++++ Entries provided ++++
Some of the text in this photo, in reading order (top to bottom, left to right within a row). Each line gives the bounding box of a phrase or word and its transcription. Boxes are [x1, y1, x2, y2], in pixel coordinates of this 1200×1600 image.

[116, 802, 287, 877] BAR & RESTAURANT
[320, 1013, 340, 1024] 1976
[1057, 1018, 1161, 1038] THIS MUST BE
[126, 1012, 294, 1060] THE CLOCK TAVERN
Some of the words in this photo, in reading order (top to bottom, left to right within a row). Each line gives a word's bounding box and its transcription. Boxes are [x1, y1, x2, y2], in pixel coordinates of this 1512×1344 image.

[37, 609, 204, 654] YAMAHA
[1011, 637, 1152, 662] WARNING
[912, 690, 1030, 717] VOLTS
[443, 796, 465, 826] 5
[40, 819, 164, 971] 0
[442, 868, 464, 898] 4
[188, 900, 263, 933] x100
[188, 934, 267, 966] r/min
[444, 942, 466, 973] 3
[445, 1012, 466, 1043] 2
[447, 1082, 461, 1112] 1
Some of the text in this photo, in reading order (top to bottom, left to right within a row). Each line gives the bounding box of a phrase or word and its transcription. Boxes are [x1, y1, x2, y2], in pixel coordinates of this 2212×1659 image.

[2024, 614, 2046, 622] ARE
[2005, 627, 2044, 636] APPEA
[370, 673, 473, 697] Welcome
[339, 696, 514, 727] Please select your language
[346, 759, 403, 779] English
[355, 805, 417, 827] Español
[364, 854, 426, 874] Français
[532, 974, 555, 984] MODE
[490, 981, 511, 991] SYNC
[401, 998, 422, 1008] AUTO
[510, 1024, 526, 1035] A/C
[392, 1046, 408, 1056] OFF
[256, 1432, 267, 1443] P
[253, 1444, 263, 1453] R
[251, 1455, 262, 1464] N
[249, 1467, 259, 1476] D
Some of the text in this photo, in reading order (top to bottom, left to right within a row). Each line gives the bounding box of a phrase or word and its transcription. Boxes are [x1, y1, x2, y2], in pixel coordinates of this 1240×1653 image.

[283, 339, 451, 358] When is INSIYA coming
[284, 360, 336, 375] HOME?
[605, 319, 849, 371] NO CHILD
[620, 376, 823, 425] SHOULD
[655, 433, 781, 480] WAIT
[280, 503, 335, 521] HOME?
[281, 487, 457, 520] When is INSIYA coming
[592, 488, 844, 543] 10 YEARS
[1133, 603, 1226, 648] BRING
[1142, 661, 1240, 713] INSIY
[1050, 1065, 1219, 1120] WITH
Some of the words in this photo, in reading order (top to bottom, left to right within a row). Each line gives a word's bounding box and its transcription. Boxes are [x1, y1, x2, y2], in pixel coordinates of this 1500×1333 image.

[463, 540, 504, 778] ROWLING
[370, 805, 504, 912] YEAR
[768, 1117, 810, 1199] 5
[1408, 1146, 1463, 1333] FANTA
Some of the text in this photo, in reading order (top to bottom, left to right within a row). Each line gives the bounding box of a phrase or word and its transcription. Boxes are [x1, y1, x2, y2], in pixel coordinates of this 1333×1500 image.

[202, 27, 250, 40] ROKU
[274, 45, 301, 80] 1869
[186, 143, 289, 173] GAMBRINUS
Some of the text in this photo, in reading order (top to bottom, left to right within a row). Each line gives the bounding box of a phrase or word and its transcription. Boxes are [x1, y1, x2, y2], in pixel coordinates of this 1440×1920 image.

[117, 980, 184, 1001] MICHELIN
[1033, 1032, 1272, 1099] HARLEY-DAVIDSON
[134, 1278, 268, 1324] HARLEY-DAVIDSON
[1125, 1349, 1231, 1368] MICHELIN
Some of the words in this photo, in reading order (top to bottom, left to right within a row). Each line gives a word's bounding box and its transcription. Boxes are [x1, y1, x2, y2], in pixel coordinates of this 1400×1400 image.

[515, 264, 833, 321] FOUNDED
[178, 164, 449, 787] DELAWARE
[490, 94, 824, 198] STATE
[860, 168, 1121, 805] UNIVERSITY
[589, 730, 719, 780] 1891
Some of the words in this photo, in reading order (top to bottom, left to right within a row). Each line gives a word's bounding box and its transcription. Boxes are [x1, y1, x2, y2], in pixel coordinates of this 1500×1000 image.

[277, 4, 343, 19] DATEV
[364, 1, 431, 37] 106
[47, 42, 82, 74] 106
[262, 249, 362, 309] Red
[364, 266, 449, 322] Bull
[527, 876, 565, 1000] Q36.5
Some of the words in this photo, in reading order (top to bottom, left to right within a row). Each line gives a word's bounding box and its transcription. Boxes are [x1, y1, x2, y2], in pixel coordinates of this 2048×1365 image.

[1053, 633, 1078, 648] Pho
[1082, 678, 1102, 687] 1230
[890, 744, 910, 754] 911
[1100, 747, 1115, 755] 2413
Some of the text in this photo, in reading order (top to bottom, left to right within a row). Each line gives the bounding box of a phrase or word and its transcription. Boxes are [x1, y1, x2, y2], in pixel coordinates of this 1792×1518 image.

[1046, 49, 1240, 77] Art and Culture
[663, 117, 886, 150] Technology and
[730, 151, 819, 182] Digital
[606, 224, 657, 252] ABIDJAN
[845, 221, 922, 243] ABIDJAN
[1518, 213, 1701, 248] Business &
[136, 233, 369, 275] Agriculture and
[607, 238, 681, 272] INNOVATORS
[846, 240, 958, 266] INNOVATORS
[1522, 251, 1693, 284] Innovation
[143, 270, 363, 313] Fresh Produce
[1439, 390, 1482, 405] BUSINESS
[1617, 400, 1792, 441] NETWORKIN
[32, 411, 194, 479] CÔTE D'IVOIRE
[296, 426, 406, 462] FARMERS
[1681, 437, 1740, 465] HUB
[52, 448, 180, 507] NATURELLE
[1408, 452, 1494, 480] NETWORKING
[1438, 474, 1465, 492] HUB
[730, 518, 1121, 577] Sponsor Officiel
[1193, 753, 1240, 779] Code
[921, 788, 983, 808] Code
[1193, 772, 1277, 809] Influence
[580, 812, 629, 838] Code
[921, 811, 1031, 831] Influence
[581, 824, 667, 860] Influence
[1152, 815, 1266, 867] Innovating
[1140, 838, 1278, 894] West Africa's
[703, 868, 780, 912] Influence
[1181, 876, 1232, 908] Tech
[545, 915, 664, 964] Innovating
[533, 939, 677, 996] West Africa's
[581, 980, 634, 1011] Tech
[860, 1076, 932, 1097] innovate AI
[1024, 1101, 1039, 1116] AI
++++
» Requirement: Each line of the listing has to be reproduced exactly.

» Expected output:
Some of the text in this photo, in reading order (top to bottom, left to right within a row). Each line gives the bounding box of a phrase or word and its transcription. Boxes are [x1, y1, x2, y2], in pixel coordinates of this 1200×1600 image.

[116, 802, 287, 877] BAR & RESTAURANT
[320, 1013, 340, 1024] 1976
[1057, 1018, 1161, 1038] THIS MUST BE
[126, 1012, 294, 1060] THE CLOCK TAVERN
Some of the words in this photo, in reading order (top to bottom, left to right within a row). Each line gives a word's bounding box and its transcription. Boxes are [x1, y1, x2, y2], in pixel coordinates of this 1512×1344 image.

[37, 609, 204, 654] YAMAHA
[1011, 637, 1152, 662] WARNING
[912, 690, 1030, 717] VOLTS
[443, 796, 465, 826] 5
[40, 819, 164, 971] 0
[442, 868, 464, 898] 4
[188, 900, 263, 933] x100
[188, 934, 267, 966] r/min
[444, 942, 466, 973] 3
[445, 1012, 466, 1043] 2
[447, 1082, 461, 1112] 1
Some of the text in this photo, in reading order (top to bottom, left to right within a row). Each line gives the bounding box of a phrase or word and its transcription. Boxes are [x1, y1, x2, y2], in pixel coordinates of this 2212×1659 image.

[2024, 614, 2046, 622] ARE
[2005, 627, 2044, 636] APPEA
[370, 673, 473, 697] Welcome
[339, 696, 514, 727] Please select your language
[346, 759, 403, 779] English
[355, 805, 417, 827] Español
[364, 854, 426, 874] Français
[532, 974, 555, 984] MODE
[490, 981, 511, 991] SYNC
[401, 998, 422, 1008] AUTO
[510, 1024, 526, 1035] A/C
[392, 1046, 408, 1056] OFF
[256, 1432, 267, 1443] P
[253, 1444, 263, 1453] R
[251, 1455, 262, 1464] N
[249, 1467, 259, 1476] D
Some of the text in this photo, in reading order (top to bottom, left to right within a row). Each line gives the bounding box of a phrase or word and its transcription. Boxes are [x1, y1, x2, y2], in pixel coordinates of this 1240×1653 image.

[283, 339, 451, 358] When is INSIYA coming
[284, 360, 336, 375] HOME?
[605, 319, 849, 371] NO CHILD
[620, 376, 823, 425] SHOULD
[655, 433, 781, 480] WAIT
[280, 503, 335, 521] HOME?
[281, 487, 457, 520] When is INSIYA coming
[592, 488, 844, 543] 10 YEARS
[1133, 603, 1226, 648] BRING
[1142, 661, 1240, 713] INSIY
[1050, 1065, 1219, 1120] WITH
Some of the words in this photo, in reading order (top to bottom, left to right within a row). Each line gives a word's bounding box and its transcription. Boxes are [x1, y1, x2, y2], in pixel coordinates of this 1500×1333 image.

[463, 540, 504, 778] ROWLING
[370, 805, 504, 912] YEAR
[768, 1117, 810, 1199] 5
[1408, 1146, 1463, 1333] FANTA
Some of the text in this photo, in reading order (top to bottom, left to right within a row). Each line gives the bounding box of a phrase or word and its transcription. Boxes are [x1, y1, x2, y2], in pixel coordinates of this 1333×1500 image.

[202, 27, 250, 40] ROKU
[274, 45, 301, 80] 1869
[186, 143, 289, 173] GAMBRINUS
Some of the text in this photo, in reading order (top to bottom, left to right within a row). Each line gives the bounding box of a phrase or word and its transcription. Boxes are [x1, y1, x2, y2], in pixel coordinates of this 1440×1920 image.

[117, 980, 184, 1001] MICHELIN
[1033, 1032, 1272, 1099] HARLEY-DAVIDSON
[134, 1278, 268, 1324] HARLEY-DAVIDSON
[1125, 1349, 1231, 1368] MICHELIN
Some of the words in this photo, in reading order (top to bottom, left to right within a row). Each line gives a word's bounding box and its transcription. Boxes are [x1, y1, x2, y2], in pixel coordinates of this 1400×1400 image.

[515, 264, 833, 321] FOUNDED
[178, 164, 449, 787] DELAWARE
[490, 94, 824, 198] STATE
[860, 168, 1121, 805] UNIVERSITY
[589, 730, 719, 780] 1891
Some of the words in this photo, in reading order (top to bottom, left to right within a row). Each line gives a word's bounding box and its transcription. Boxes are [x1, y1, x2, y2], in pixel coordinates of this 1500×1000 image.

[277, 4, 343, 19] DATEV
[364, 1, 431, 37] 106
[47, 42, 82, 74] 106
[262, 249, 362, 309] Red
[364, 266, 449, 322] Bull
[527, 876, 565, 1000] Q36.5
Some of the words in this photo, in reading order (top to bottom, left to right within a row). Each line gives a word's bounding box and its transcription. Boxes are [x1, y1, x2, y2], in pixel coordinates of this 2048×1365 image.

[1053, 633, 1078, 648] Pho
[1082, 678, 1102, 687] 1230
[890, 744, 910, 754] 911
[1100, 747, 1115, 755] 2413
Some of the text in this photo, in reading order (top to bottom, left to right within a row). Each line gives the bounding box of a phrase or word and its transcription. Boxes are [x1, y1, x2, y2], in pixel coordinates of this 1792×1518 image.

[1046, 49, 1240, 77] Art and Culture
[663, 117, 886, 150] Technology and
[730, 151, 819, 182] Digital
[606, 224, 657, 252] ABIDJAN
[845, 221, 922, 243] ABIDJAN
[1518, 213, 1701, 248] Business &
[136, 233, 369, 275] Agriculture and
[607, 238, 681, 272] INNOVATORS
[846, 240, 958, 266] INNOVATORS
[1522, 251, 1693, 284] Innovation
[143, 270, 363, 313] Fresh Produce
[1439, 390, 1482, 405] BUSINESS
[1617, 400, 1792, 441] NETWORKIN
[32, 411, 194, 479] CÔTE D'IVOIRE
[296, 426, 406, 462] FARMERS
[1681, 437, 1740, 465] HUB
[52, 448, 180, 507] NATURELLE
[1408, 452, 1494, 480] NETWORKING
[1438, 474, 1465, 492] HUB
[730, 518, 1121, 577] Sponsor Officiel
[1193, 753, 1240, 779] Code
[921, 788, 983, 808] Code
[1193, 772, 1277, 809] Influence
[580, 812, 629, 838] Code
[921, 811, 1031, 831] Influence
[581, 824, 667, 860] Influence
[1152, 815, 1266, 867] Innovating
[1140, 838, 1278, 894] West Africa's
[703, 868, 780, 912] Influence
[1181, 876, 1232, 908] Tech
[545, 915, 664, 964] Innovating
[533, 939, 677, 996] West Africa's
[581, 980, 634, 1011] Tech
[860, 1076, 932, 1097] innovate AI
[1024, 1101, 1039, 1116] AI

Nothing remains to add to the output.